About this exercise:
Please output the records below word for word and omit the pictures.

(Records excerpted from a collection)

§

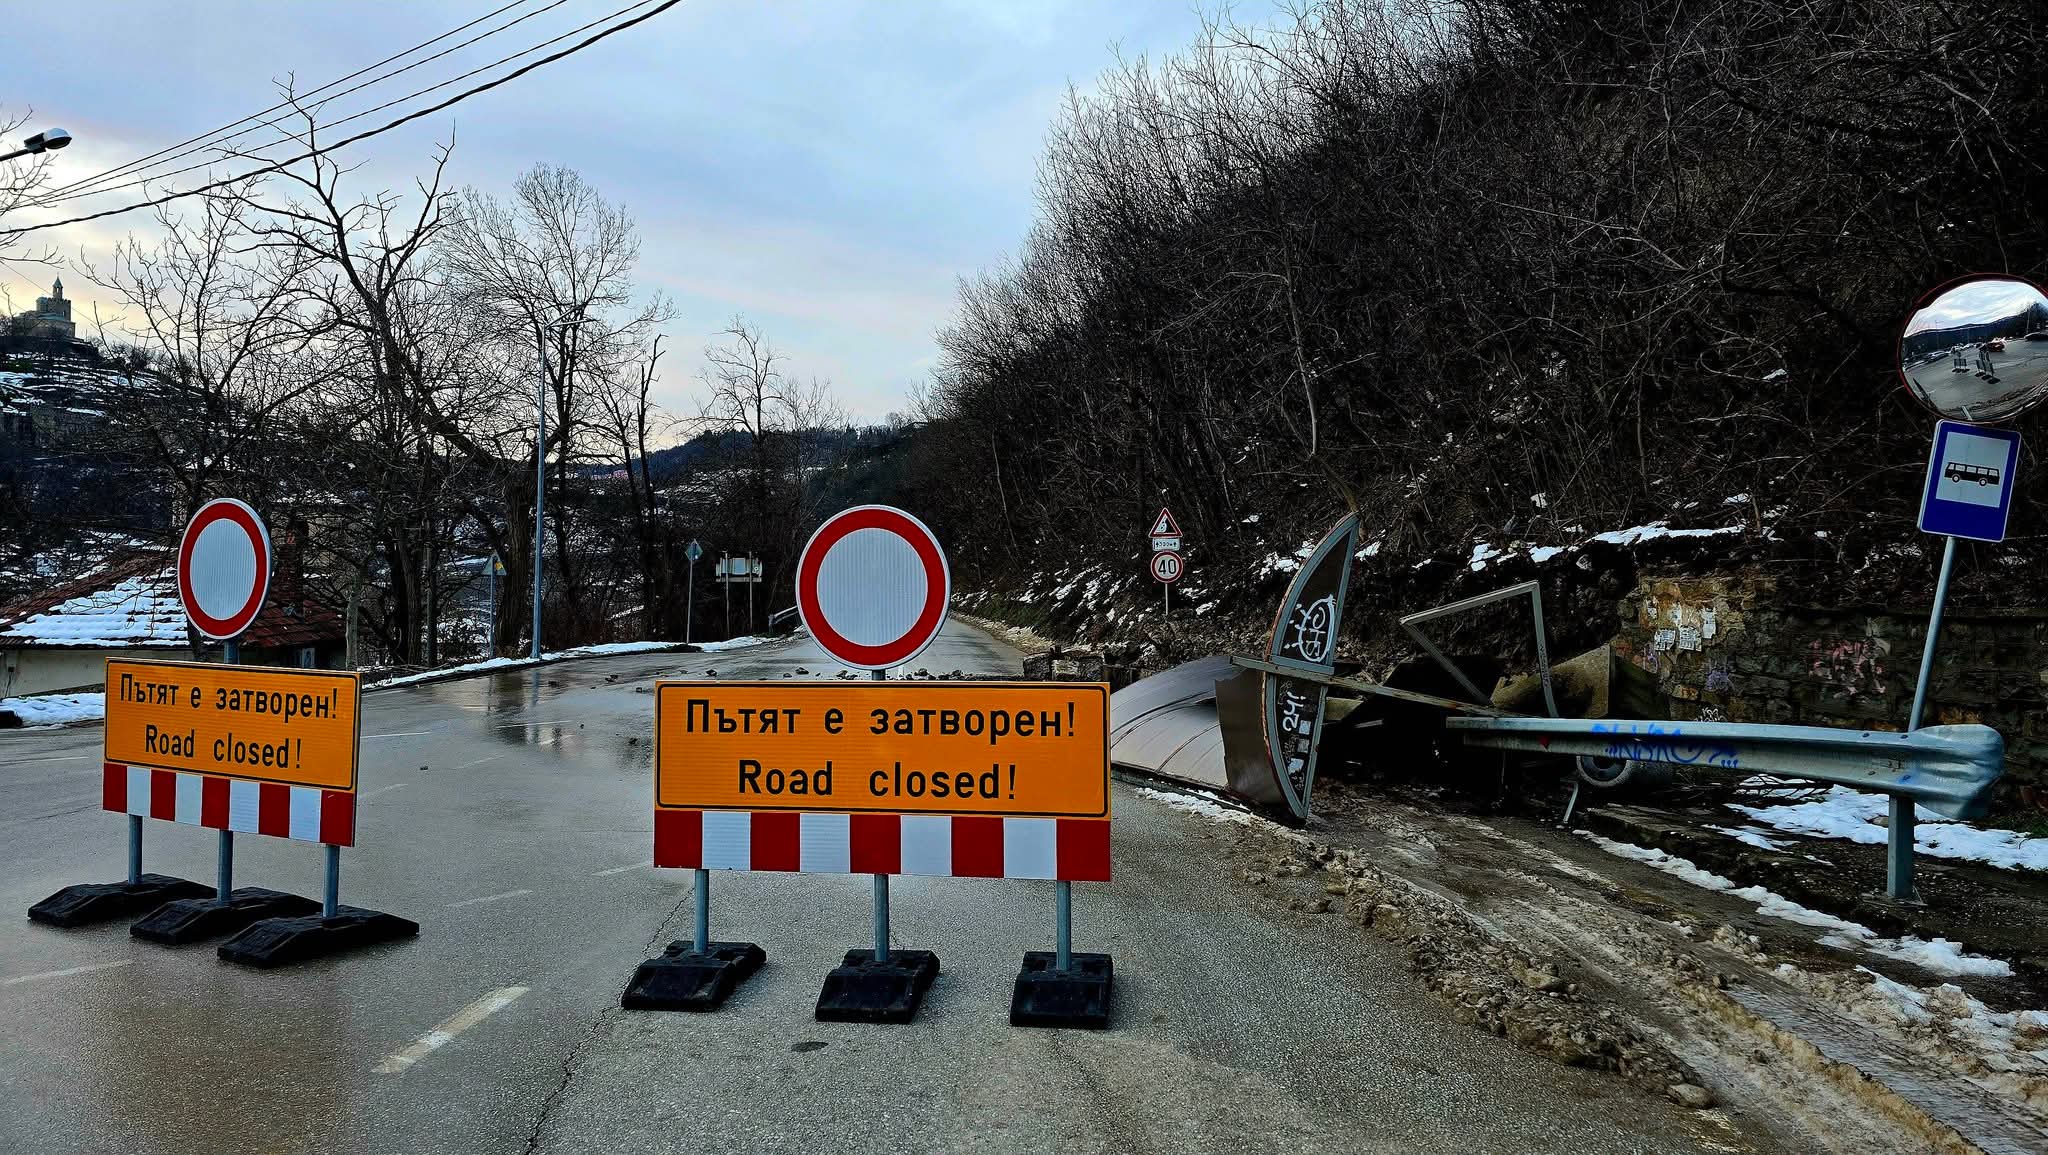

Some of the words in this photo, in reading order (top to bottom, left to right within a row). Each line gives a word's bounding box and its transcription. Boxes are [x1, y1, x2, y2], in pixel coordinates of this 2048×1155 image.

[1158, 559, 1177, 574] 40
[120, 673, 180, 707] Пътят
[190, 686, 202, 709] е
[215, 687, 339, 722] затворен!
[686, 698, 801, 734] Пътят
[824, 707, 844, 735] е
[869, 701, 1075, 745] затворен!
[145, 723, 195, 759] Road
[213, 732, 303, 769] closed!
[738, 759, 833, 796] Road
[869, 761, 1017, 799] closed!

§

Task result:
Some of the words in this photo, in reading order (top to bottom, left to right within a row). Each line gives a word's bounding box and its transcription. Boxes are [x1, y1, x2, y2], in pixel coordinates of this 2048×1155 image.

[1158, 559, 1177, 574] 40
[120, 673, 180, 707] Пътят
[190, 686, 202, 709] е
[215, 687, 339, 722] затворен!
[686, 698, 801, 734] Пътят
[824, 707, 844, 735] е
[869, 701, 1075, 745] затворен!
[145, 723, 195, 759] Road
[213, 732, 303, 769] closed!
[738, 759, 833, 796] Road
[869, 761, 1017, 799] closed!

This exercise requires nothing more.